Monday, March 2, 2015
FAIRFIELD-SUISUN, CALIFORNIA
99 CENTS

Older Solano residents’ computer interest ranges

By
From page OSF6 | January 09, 2014 |

FAIRFIELD — It’s not just digital natives who know their way around computers.

The generation that grew up with communications technology may be more comfortable with computers, but many older Americans make the machines a major part of their lives.

“Many seniors are computer savvy,” said Serena Enger, supervising librarian for the Fairfield branch, “but would like a little more assistance with particular aspects of computer use.”

The Fairfield branch of the Solano County Library offers that, as well as help with computer basics.

Five volunteers with computer experience spend an hour per session in one-on-one instruction at the library.
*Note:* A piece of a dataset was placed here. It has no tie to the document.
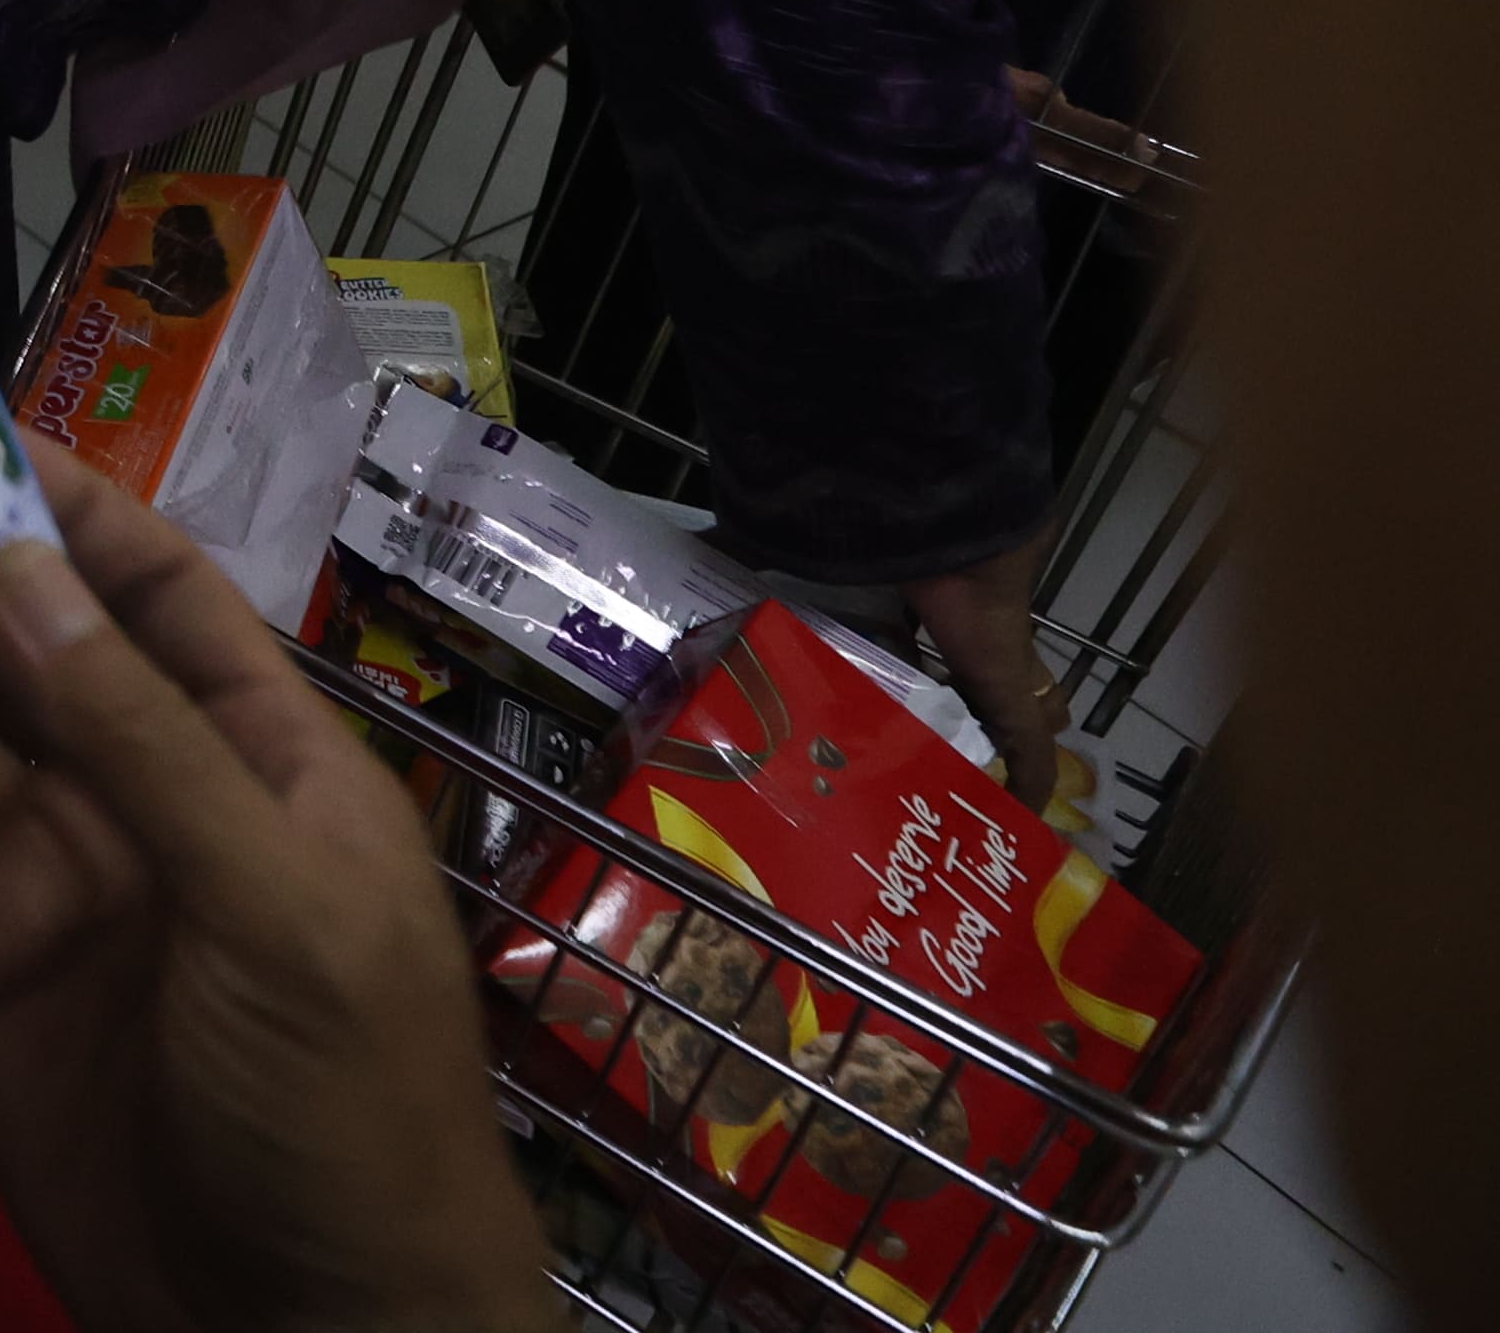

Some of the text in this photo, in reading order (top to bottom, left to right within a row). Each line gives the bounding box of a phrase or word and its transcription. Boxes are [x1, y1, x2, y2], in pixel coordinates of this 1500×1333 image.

[339, 288, 404, 302] OOKIES
[30, 300, 120, 451] perstar
[851, 793, 942, 918] deserve
[919, 789, 1030, 999] Good Time!
After Christmas 2012, when electronic book readers like Kindles and Nooks were popular gifts, many people turned to the library for help with their new devices.

David Casuto, owner of Senior Surf Computer Education in San Francisco, said the language that surrounds new communications technology helps spur the apprehension some elderly have about computers. Words that used to mean something else have a new meaning in technology, he noted.

Moreover, said Casuto, people who have accomplished many things can still find computers confusing. His advice: Consider how kids approach learning new subjects.

“Kids are fearless,” he said. “Kids experiment.”

If they fall down, they wash away the dirt, get up and return to the task. That approach works with learning technology, Casuto said. “You’re not going to break the computer.”

He also suggests watching YouTube videos about how to use computers. If that requires more knowledge than a novice computer user possesses, the Fairfield library has DVDs available with instruction about using computers.

Casuto, 41, didn’t grow up with computers and they weren’t widely used when he was in college.

“I do remember what it’s like,” he said of confronting computers. “It does help me be a good teacher.”

Someone who knows nearly nothing about computers can get a basic knowledge within a month, he said.

Enger suggests learning computers a component at a time. Start with the basic instruction the library offers and follow with subjects such as email, she said.

The Fairfield library has 60 computers available for public use, as well as Google Chrome laptops to lend for use within the library. Fairfield may have more computers in one library than any site in the Bay Area other than San Francisco and Sacramento, Enger said.

For one-on-one computer instruction at the library, call 866-572-7587. The library also plans a special March 6 workshop on computer tablets such as the iPad.

The Apple technology provides a new way to access words – and Enger noted that the printing press itself was once a new invention.

“Even the book is a form of technology,” she said. “It revolutionized society.”

Living in the Bay Area, where the personal computer industry was born, doesn’t necessarily make computer learning easier. Casuto said so many people who know communications technology well and make it their career can be intimidating. The best antidote may be beginning to work with computers.

“Once they start,” he said of computer users, “they realize, ‘This is much easier than I expected it to be.’ ”

Fairfield resident Shawn Rojas, 60, who recently used a computer at the library, worked as a medical transcriber and got an early introduction to communications technology. She goes to libraries to access computers partly because that keeps the machines in perspective.

“So many people, once they have it,” she said of a computer, “they tend to overuse it.”

“Your life is this 3-by-5-inch screen,” she said.

Rojas spends about an hour a day in front of a computer and said more time than that isn’t necessary.

“The rest of it,” she said, “is just playing.”

The Fairfield resident said hers is a minority opinion.

“It’s a rare perspective,” she said.